• RECORDS:
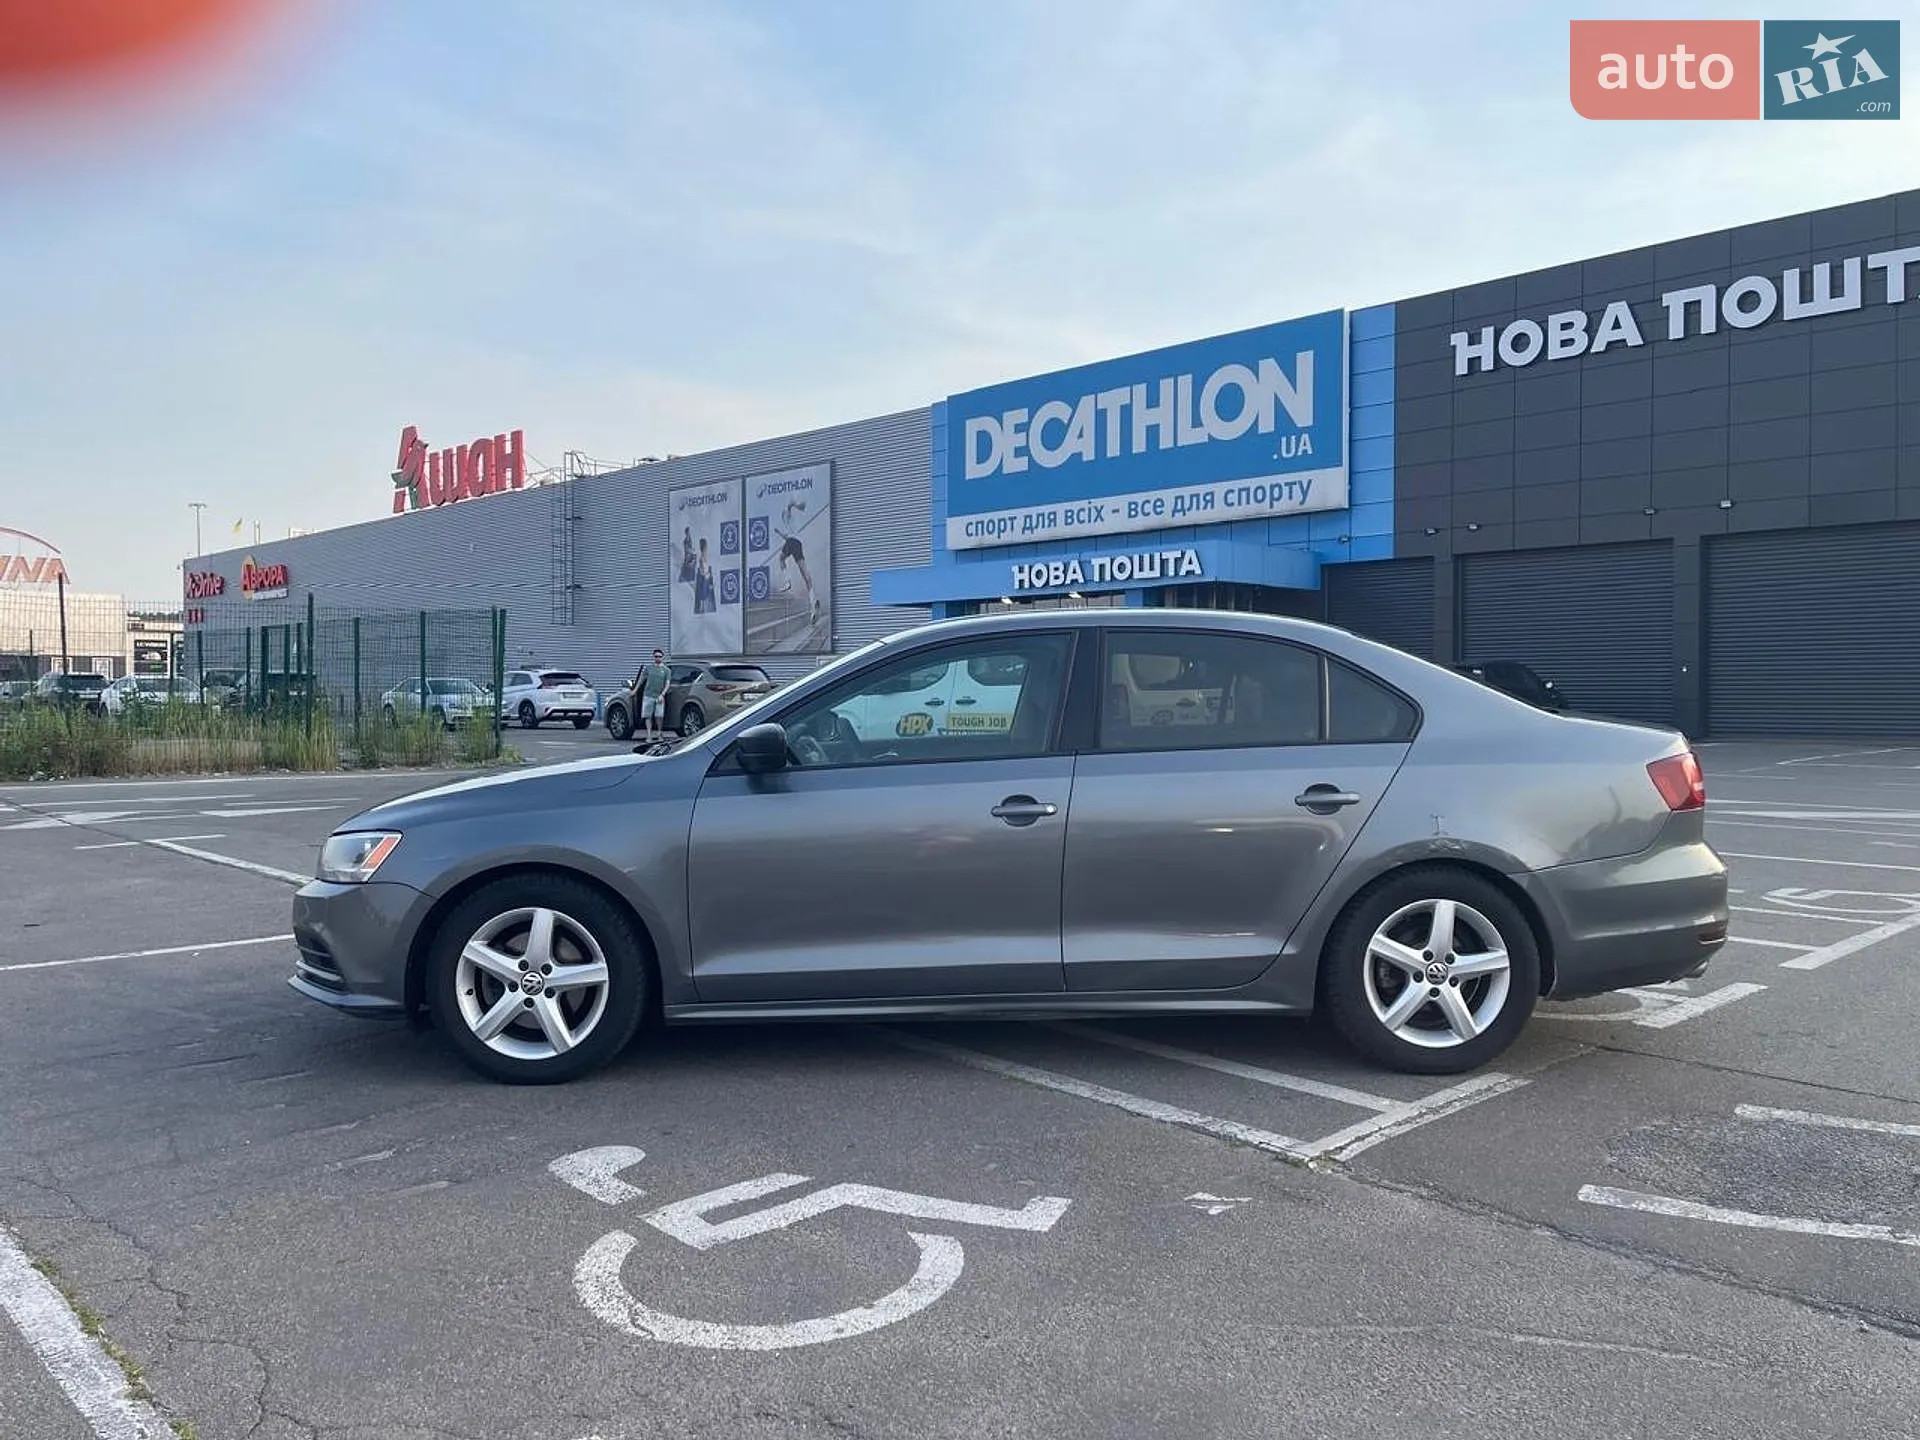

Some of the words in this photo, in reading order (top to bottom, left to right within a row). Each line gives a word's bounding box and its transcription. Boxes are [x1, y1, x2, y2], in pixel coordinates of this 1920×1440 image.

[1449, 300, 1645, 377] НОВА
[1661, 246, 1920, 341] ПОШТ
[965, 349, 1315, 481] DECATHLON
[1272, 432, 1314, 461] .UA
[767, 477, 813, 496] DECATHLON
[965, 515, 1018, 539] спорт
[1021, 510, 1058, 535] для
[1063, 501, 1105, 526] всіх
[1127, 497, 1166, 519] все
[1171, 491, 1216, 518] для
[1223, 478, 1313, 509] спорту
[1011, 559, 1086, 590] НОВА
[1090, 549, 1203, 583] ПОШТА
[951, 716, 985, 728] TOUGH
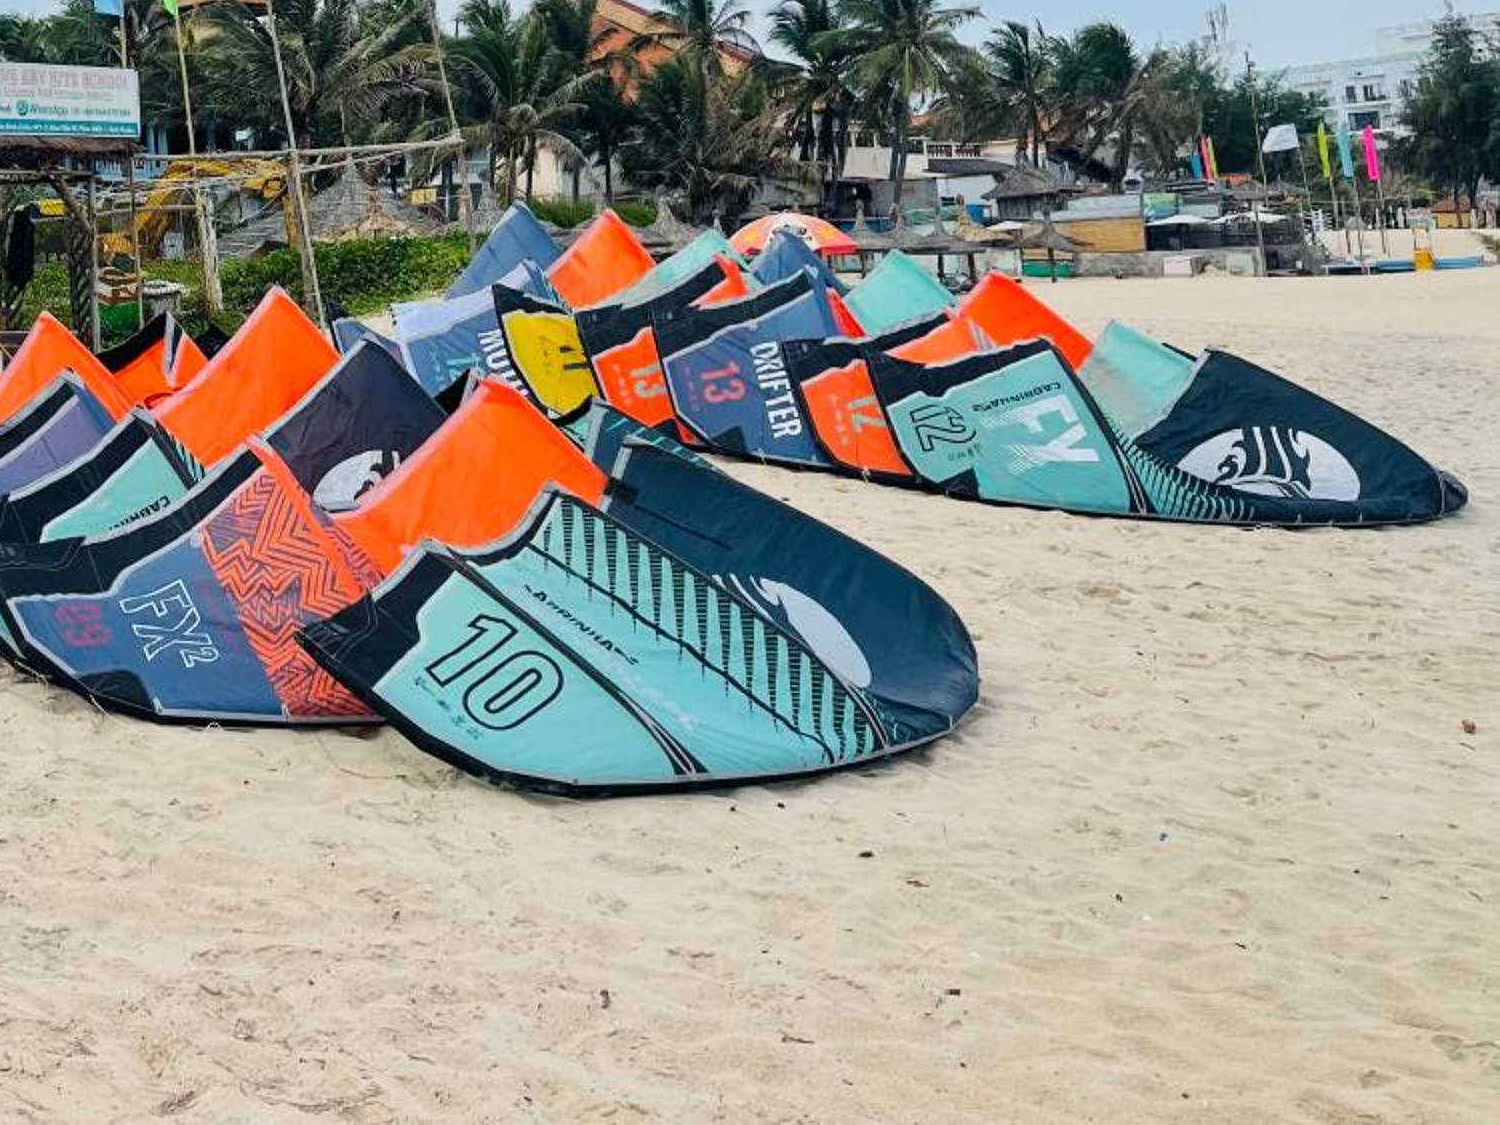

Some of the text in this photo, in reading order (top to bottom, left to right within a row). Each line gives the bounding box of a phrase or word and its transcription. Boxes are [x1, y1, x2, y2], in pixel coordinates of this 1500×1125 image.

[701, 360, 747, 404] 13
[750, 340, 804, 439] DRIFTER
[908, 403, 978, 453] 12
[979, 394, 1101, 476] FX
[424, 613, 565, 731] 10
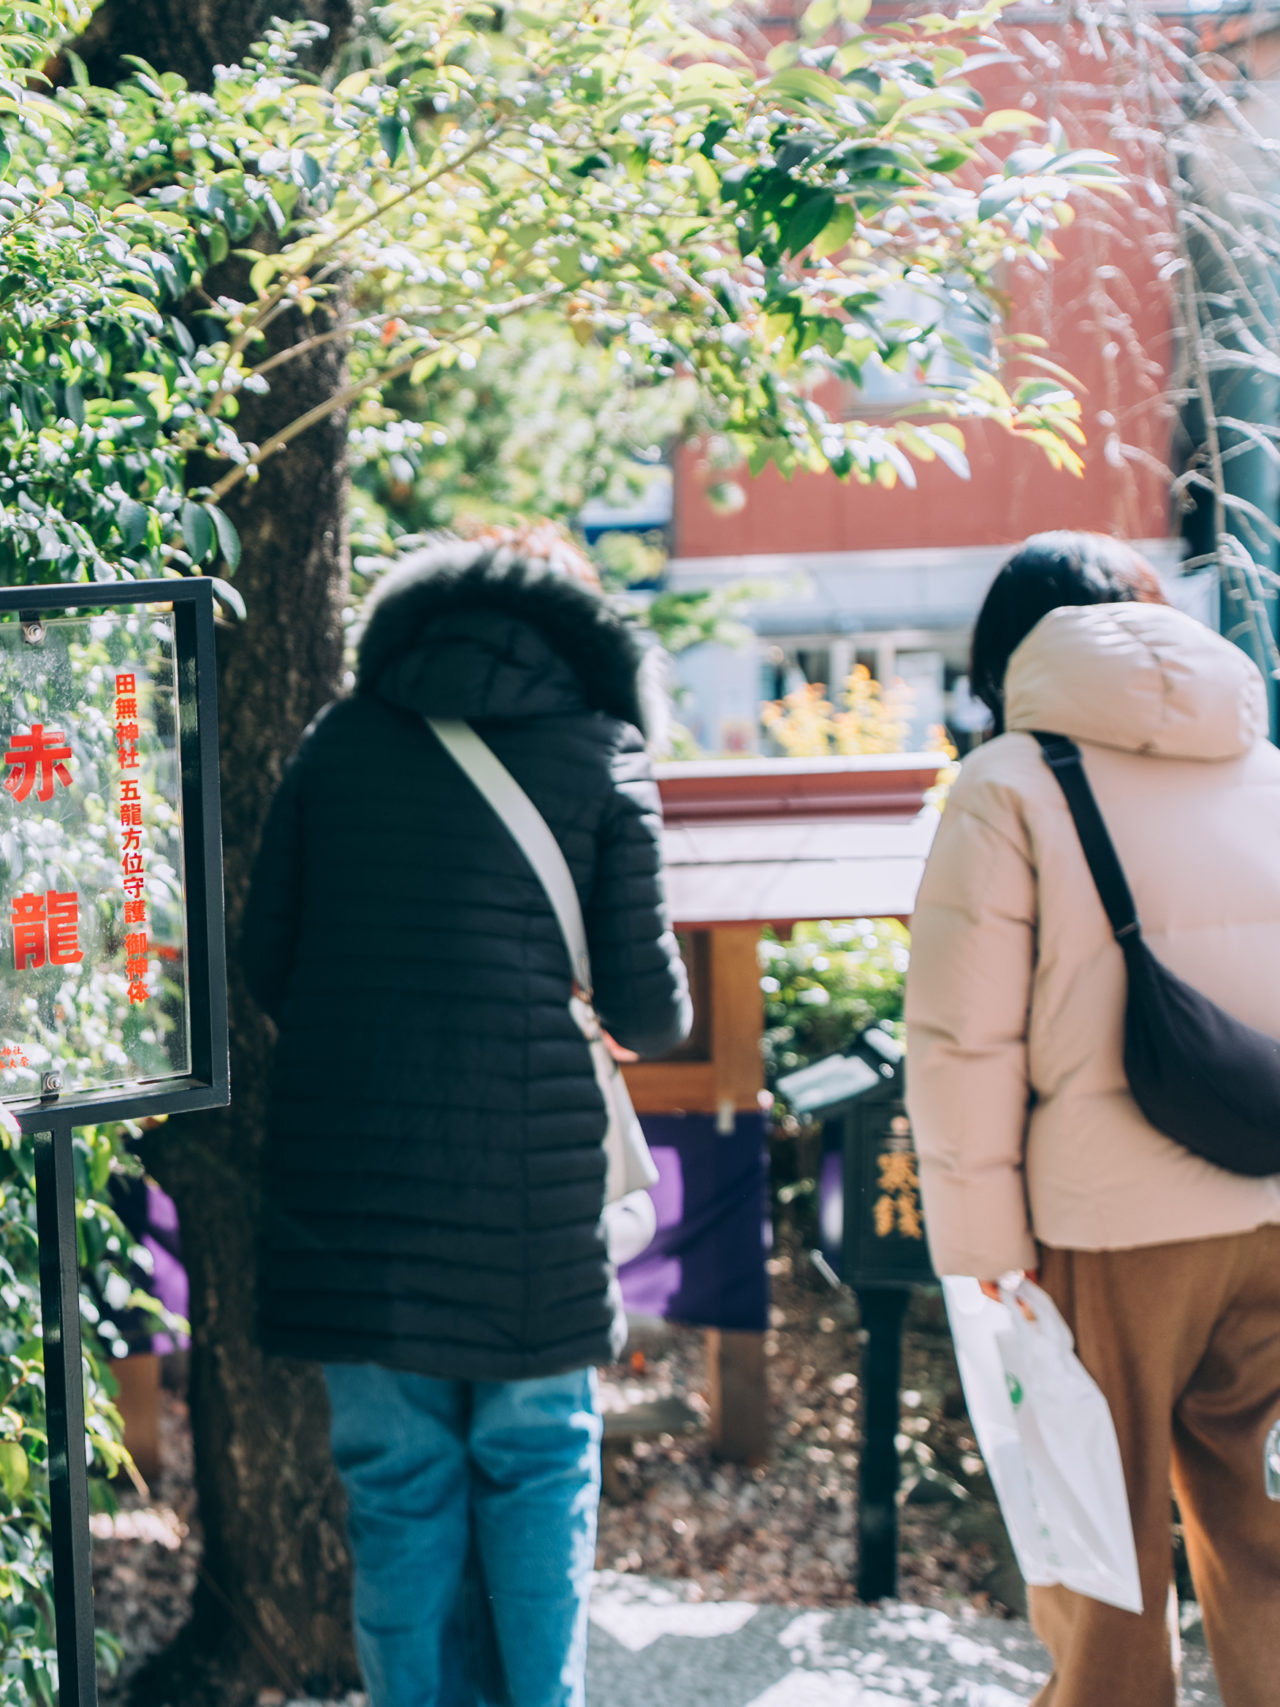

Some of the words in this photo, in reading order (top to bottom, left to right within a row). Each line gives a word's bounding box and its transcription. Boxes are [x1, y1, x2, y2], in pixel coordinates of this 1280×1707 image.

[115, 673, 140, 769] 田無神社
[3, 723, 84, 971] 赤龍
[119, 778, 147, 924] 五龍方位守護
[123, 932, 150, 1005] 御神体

• PROBLEM TO SOLVE:
Could you copy the listing exactly, leaving out any pictures?

• EXERCISE SOLUTION:
Some of the words in this photo, in reading order (top to bottom, left to right within a row). Each line gives a word's bounding box and its transcription. Boxes are [x1, y1, x2, y2], in pixel coordinates of this 1920×1440 image.

[1449, 300, 1645, 377] НОВА
[1661, 246, 1920, 341] ПОШТ
[965, 349, 1315, 481] DECATHLON
[1272, 432, 1314, 461] .UA
[767, 477, 813, 496] DECATHLON
[965, 515, 1018, 539] спорт
[1021, 510, 1058, 535] для
[1063, 501, 1105, 526] всіх
[1127, 497, 1166, 519] все
[1171, 491, 1216, 518] для
[1223, 478, 1313, 509] спорту
[1011, 559, 1086, 590] НОВА
[1090, 549, 1203, 583] ПОШТА
[951, 716, 985, 728] TOUGH

Some of the text in this photo, in reading order (top to bottom, left to right within a row). Each line gives the bounding box of a phrase or word and its transcription. Boxes are [x1, y1, x2, y2], in pixel coordinates of this 1500×1125 image.

[701, 360, 747, 404] 13
[750, 340, 804, 439] DRIFTER
[908, 403, 978, 453] 12
[979, 394, 1101, 476] FX
[424, 613, 565, 731] 10

Some of the words in this photo, in reading order (top to bottom, left to right within a row). Each line gives a word's bounding box and its transcription. Boxes are [x1, y1, x2, y2], in pixel coordinates of this 1280×1707 image.

[115, 673, 140, 769] 田無神社
[3, 723, 84, 971] 赤龍
[119, 778, 147, 924] 五龍方位守護
[123, 932, 150, 1005] 御神体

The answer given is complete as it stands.